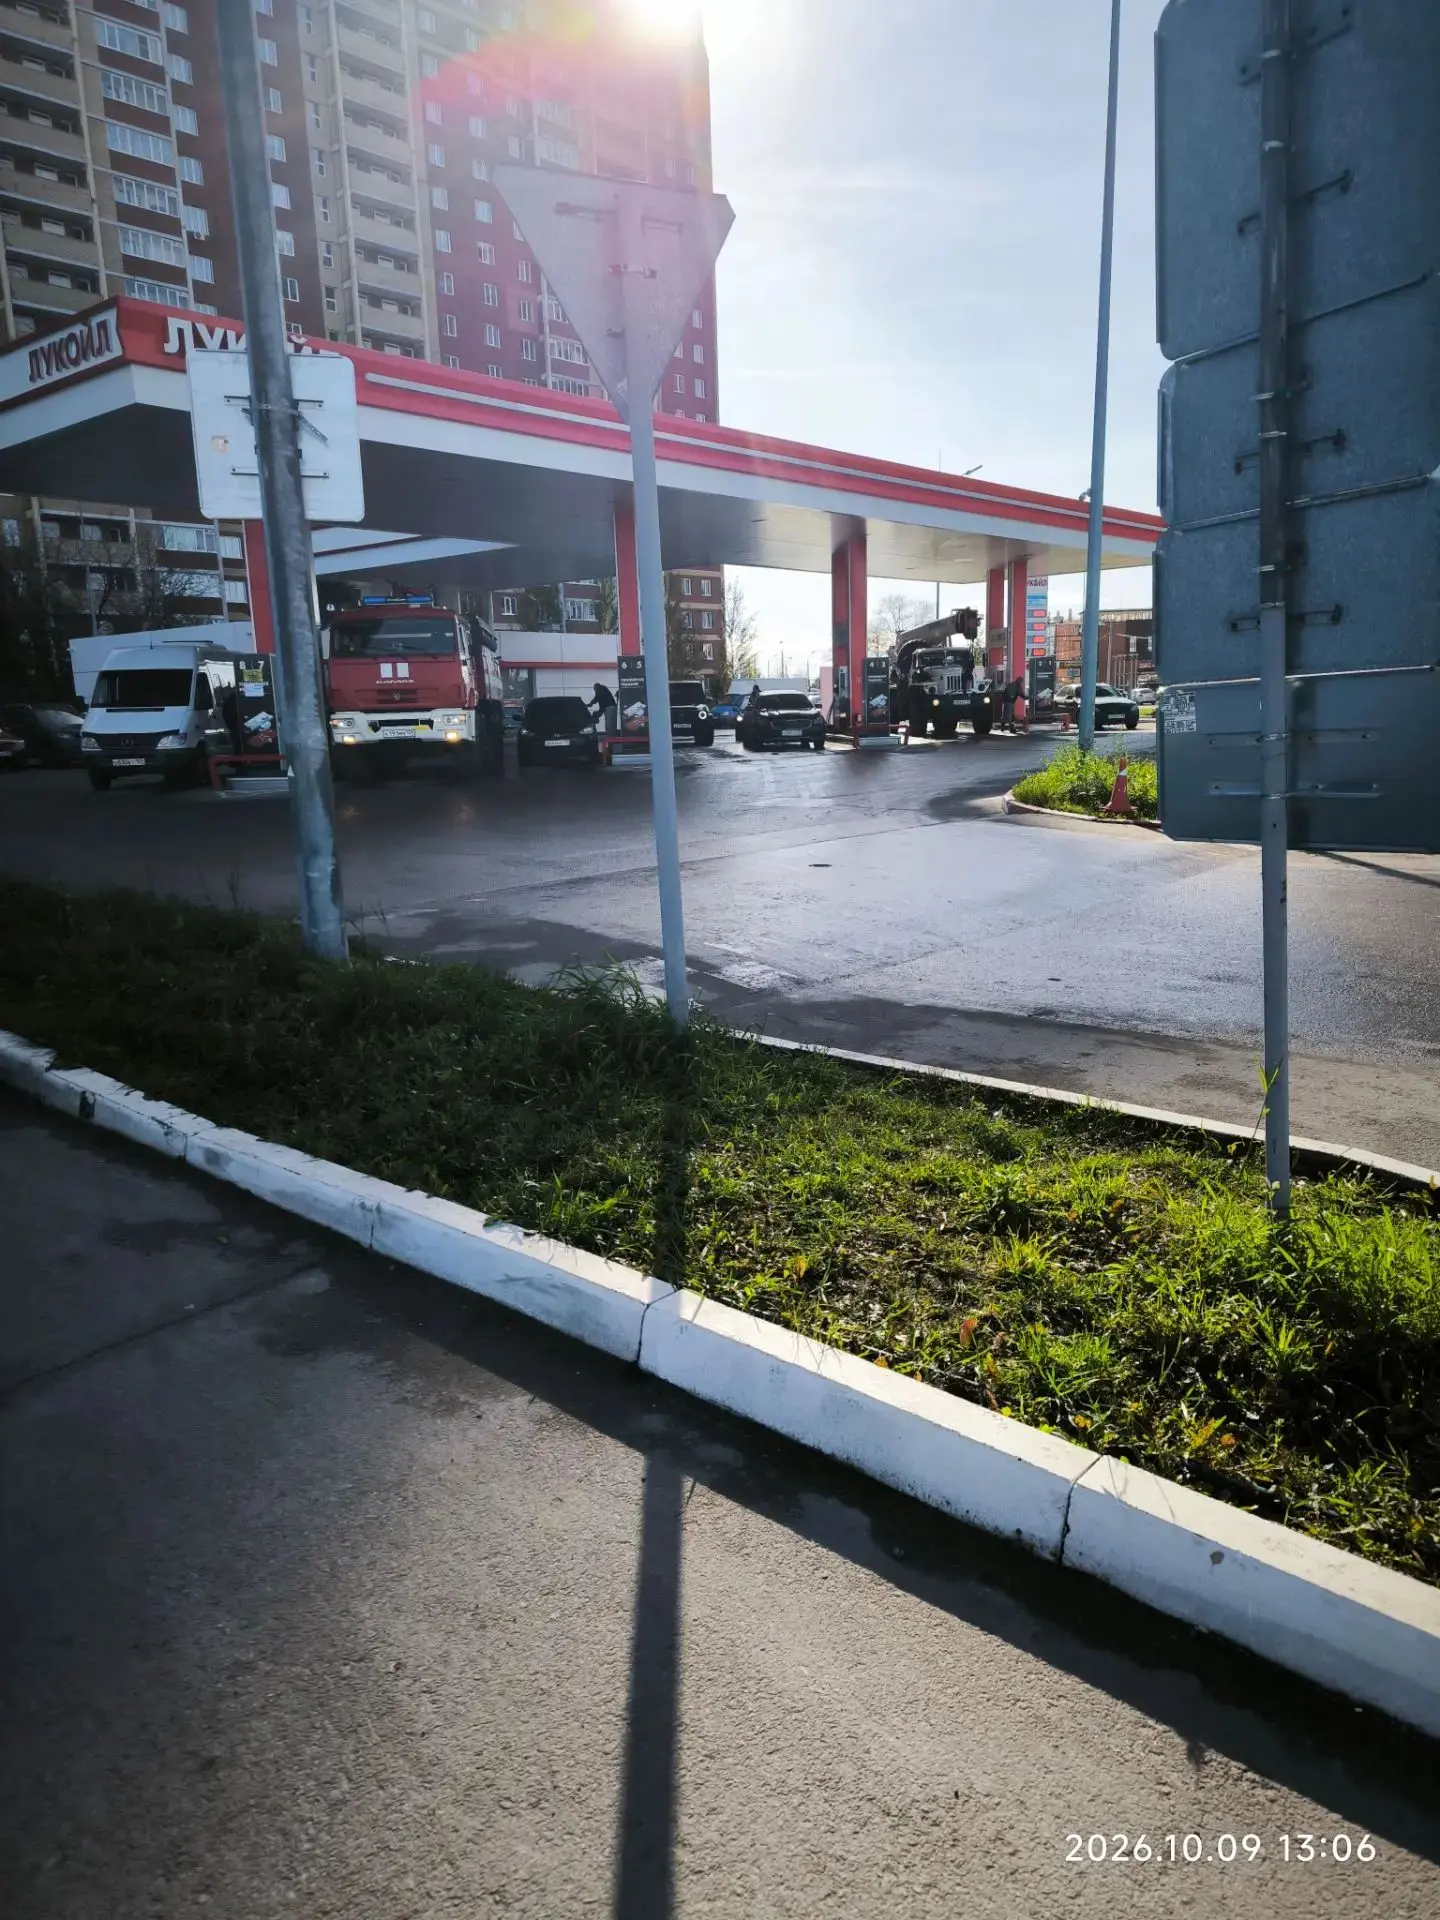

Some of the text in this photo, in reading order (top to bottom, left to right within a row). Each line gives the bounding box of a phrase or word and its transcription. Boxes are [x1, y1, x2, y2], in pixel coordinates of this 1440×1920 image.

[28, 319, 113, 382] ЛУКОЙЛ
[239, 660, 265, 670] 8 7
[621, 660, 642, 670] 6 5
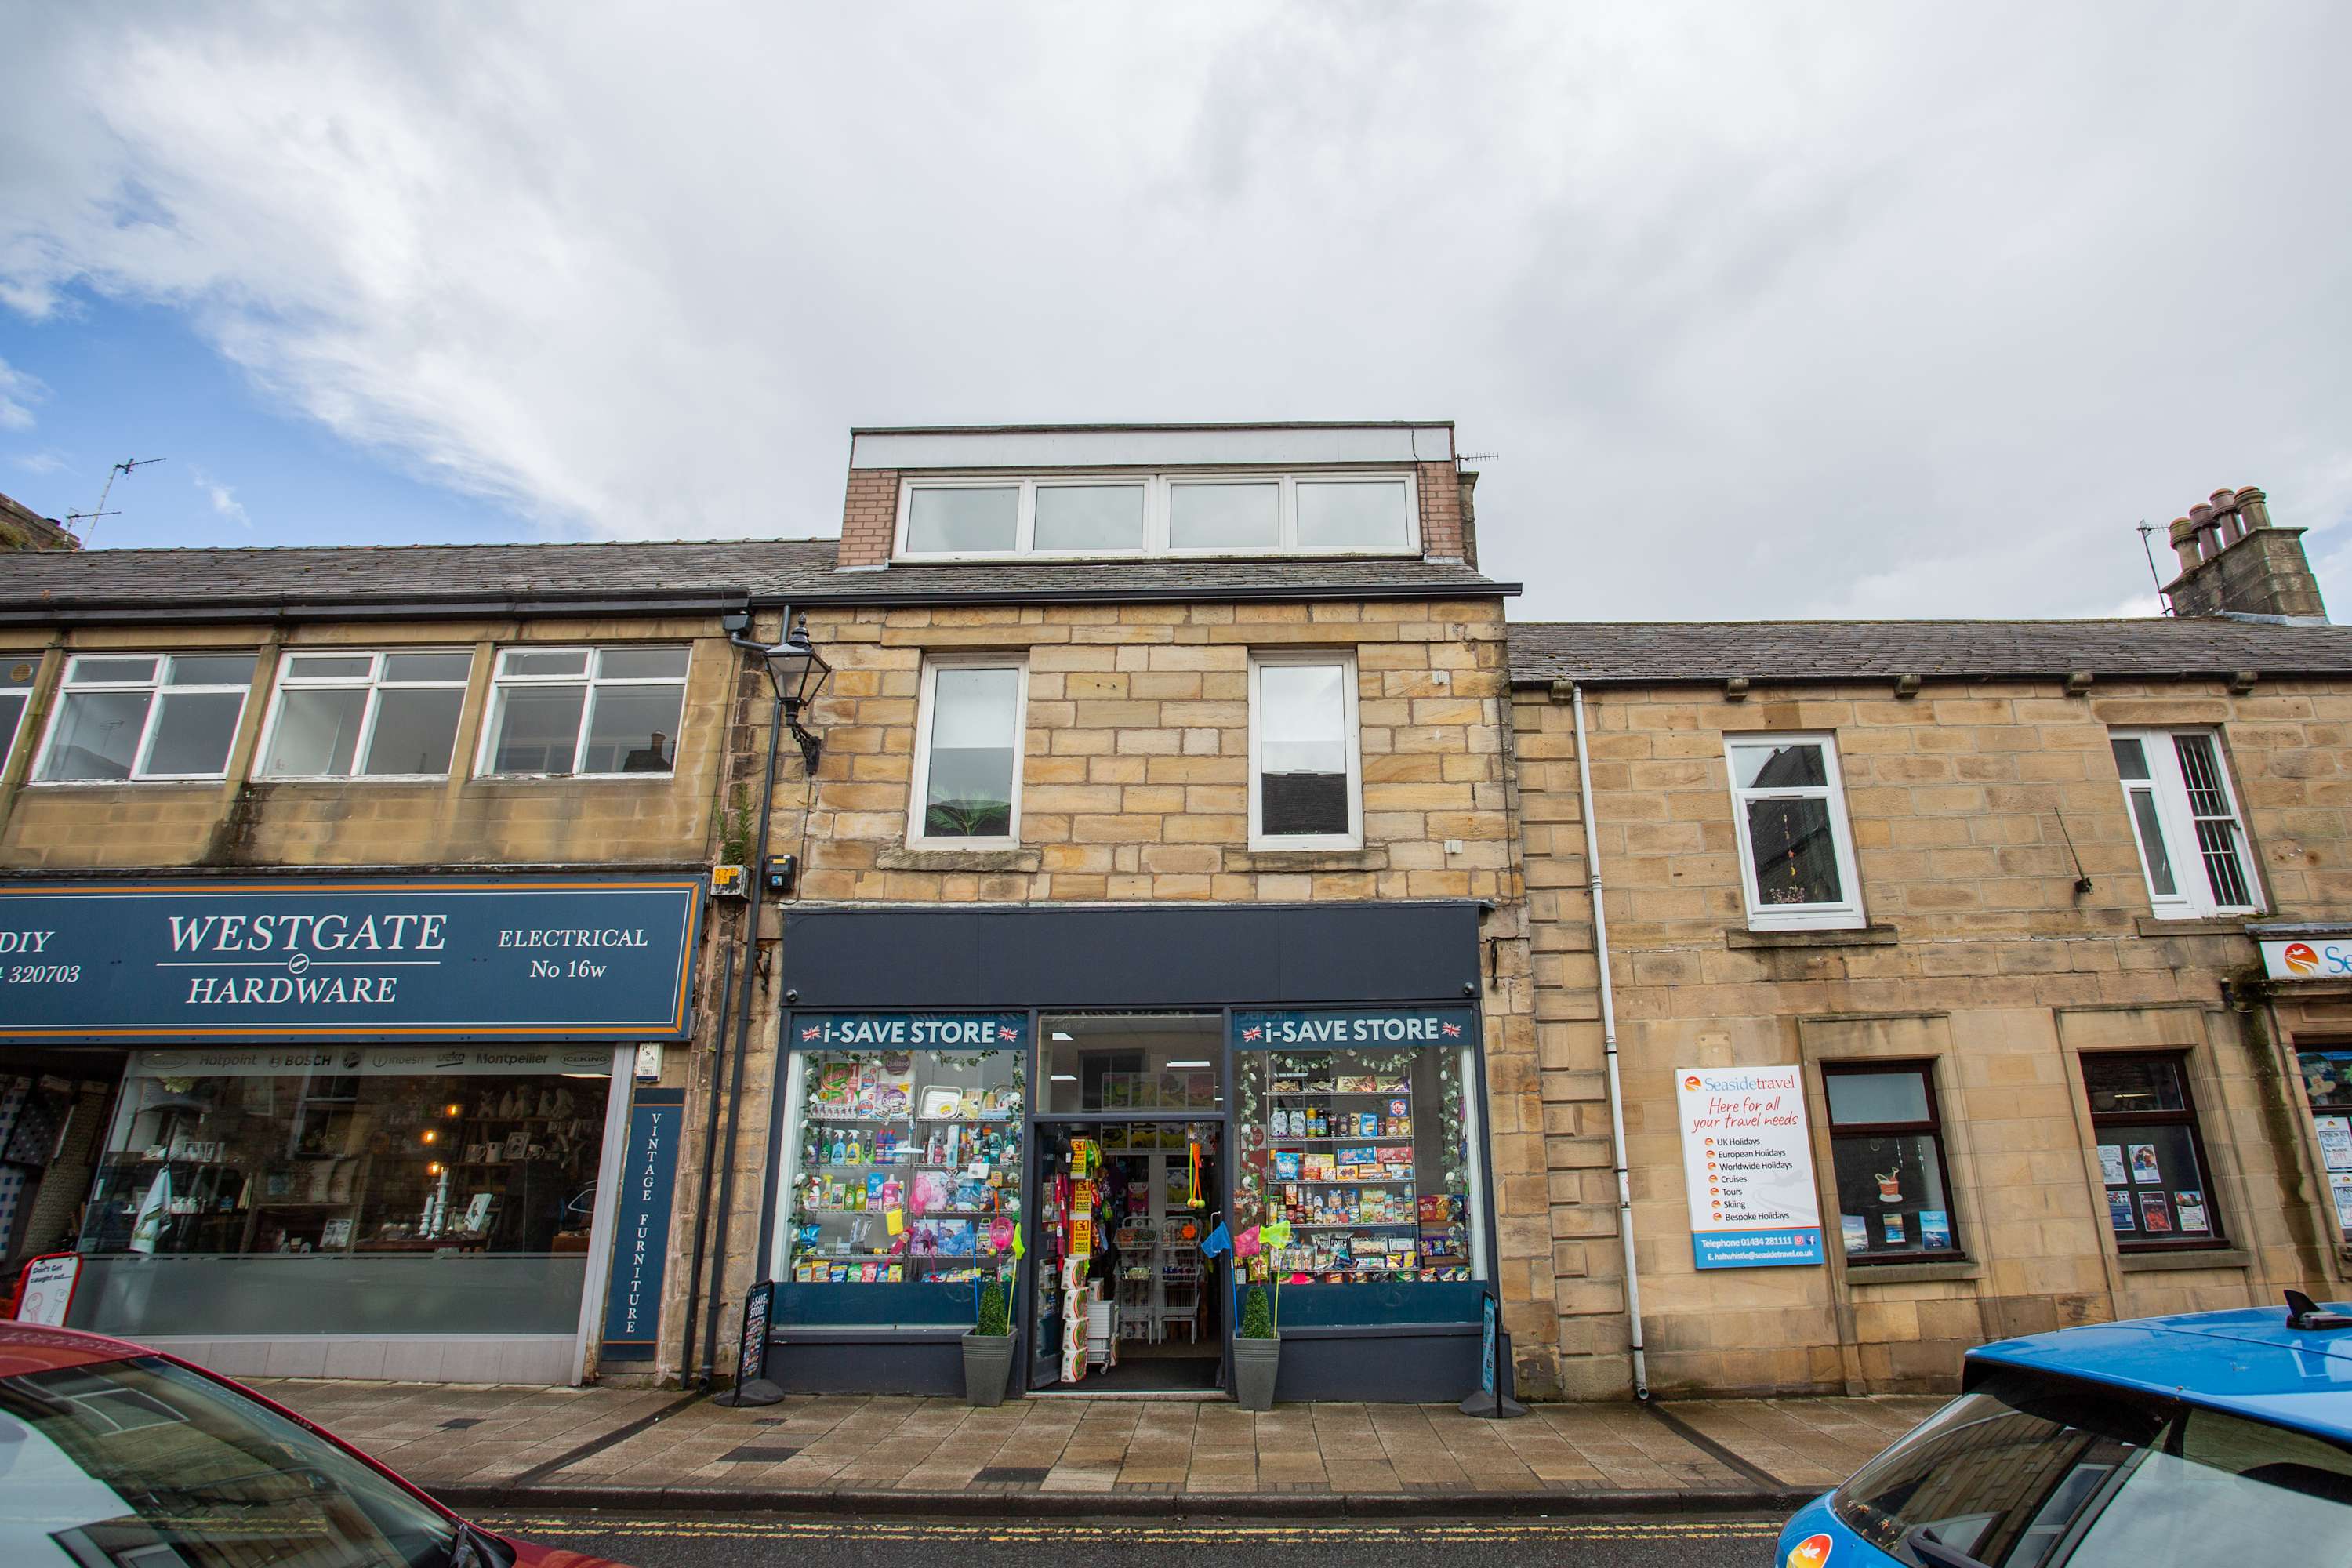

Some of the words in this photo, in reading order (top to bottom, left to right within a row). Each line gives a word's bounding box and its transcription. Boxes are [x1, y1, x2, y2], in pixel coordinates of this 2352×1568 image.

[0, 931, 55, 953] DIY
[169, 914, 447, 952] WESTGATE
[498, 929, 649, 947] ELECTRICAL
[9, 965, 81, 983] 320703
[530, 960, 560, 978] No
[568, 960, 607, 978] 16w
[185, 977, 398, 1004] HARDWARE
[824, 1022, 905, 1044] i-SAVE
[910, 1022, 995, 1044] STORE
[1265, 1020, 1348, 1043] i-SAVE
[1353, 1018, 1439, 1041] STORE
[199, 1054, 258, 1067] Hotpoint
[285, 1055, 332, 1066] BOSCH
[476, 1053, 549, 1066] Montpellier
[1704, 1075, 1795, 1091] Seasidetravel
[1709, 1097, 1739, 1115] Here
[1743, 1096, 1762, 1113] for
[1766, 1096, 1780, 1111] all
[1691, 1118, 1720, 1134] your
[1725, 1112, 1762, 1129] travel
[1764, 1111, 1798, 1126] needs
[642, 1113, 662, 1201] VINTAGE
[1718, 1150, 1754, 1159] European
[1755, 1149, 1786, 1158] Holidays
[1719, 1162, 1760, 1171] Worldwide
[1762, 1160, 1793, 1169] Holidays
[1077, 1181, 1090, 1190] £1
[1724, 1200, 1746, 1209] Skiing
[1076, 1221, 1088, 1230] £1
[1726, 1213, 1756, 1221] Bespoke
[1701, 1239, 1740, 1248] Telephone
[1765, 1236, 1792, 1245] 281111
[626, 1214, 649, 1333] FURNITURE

Task prompt: Repeat verbatim all the material, but not the pictures.

Output for this exercise:
Some of the text in this photo, in reading order (top to bottom, left to right within a row). Each line gives the bounding box of a phrase or word and its transcription. Boxes are [x1, y1, x2, y2], in pixel coordinates of this 1440×1920 image.

[28, 319, 113, 382] ЛУКОЙЛ
[239, 660, 265, 670] 8 7
[621, 660, 642, 670] 6 5

Some of the words in this photo, in reading order (top to bottom, left to right within a row). Each line gives a word's bounding box and its transcription. Boxes are [x1, y1, x2, y2], in pixel coordinates of this 2352×1568 image.

[0, 931, 55, 953] DIY
[169, 914, 447, 952] WESTGATE
[498, 929, 649, 947] ELECTRICAL
[9, 965, 81, 983] 320703
[530, 960, 560, 978] No
[568, 960, 607, 978] 16w
[185, 977, 398, 1004] HARDWARE
[824, 1022, 905, 1044] i-SAVE
[910, 1022, 995, 1044] STORE
[1265, 1020, 1348, 1043] i-SAVE
[1353, 1018, 1439, 1041] STORE
[199, 1054, 258, 1067] Hotpoint
[285, 1055, 332, 1066] BOSCH
[476, 1053, 549, 1066] Montpellier
[1704, 1075, 1795, 1091] Seasidetravel
[1709, 1097, 1739, 1115] Here
[1743, 1096, 1762, 1113] for
[1766, 1096, 1780, 1111] all
[1691, 1118, 1720, 1134] your
[1725, 1112, 1762, 1129] travel
[1764, 1111, 1798, 1126] needs
[642, 1113, 662, 1201] VINTAGE
[1718, 1150, 1754, 1159] European
[1755, 1149, 1786, 1158] Holidays
[1719, 1162, 1760, 1171] Worldwide
[1762, 1160, 1793, 1169] Holidays
[1077, 1181, 1090, 1190] £1
[1724, 1200, 1746, 1209] Skiing
[1076, 1221, 1088, 1230] £1
[1726, 1213, 1756, 1221] Bespoke
[1701, 1239, 1740, 1248] Telephone
[1765, 1236, 1792, 1245] 281111
[626, 1214, 649, 1333] FURNITURE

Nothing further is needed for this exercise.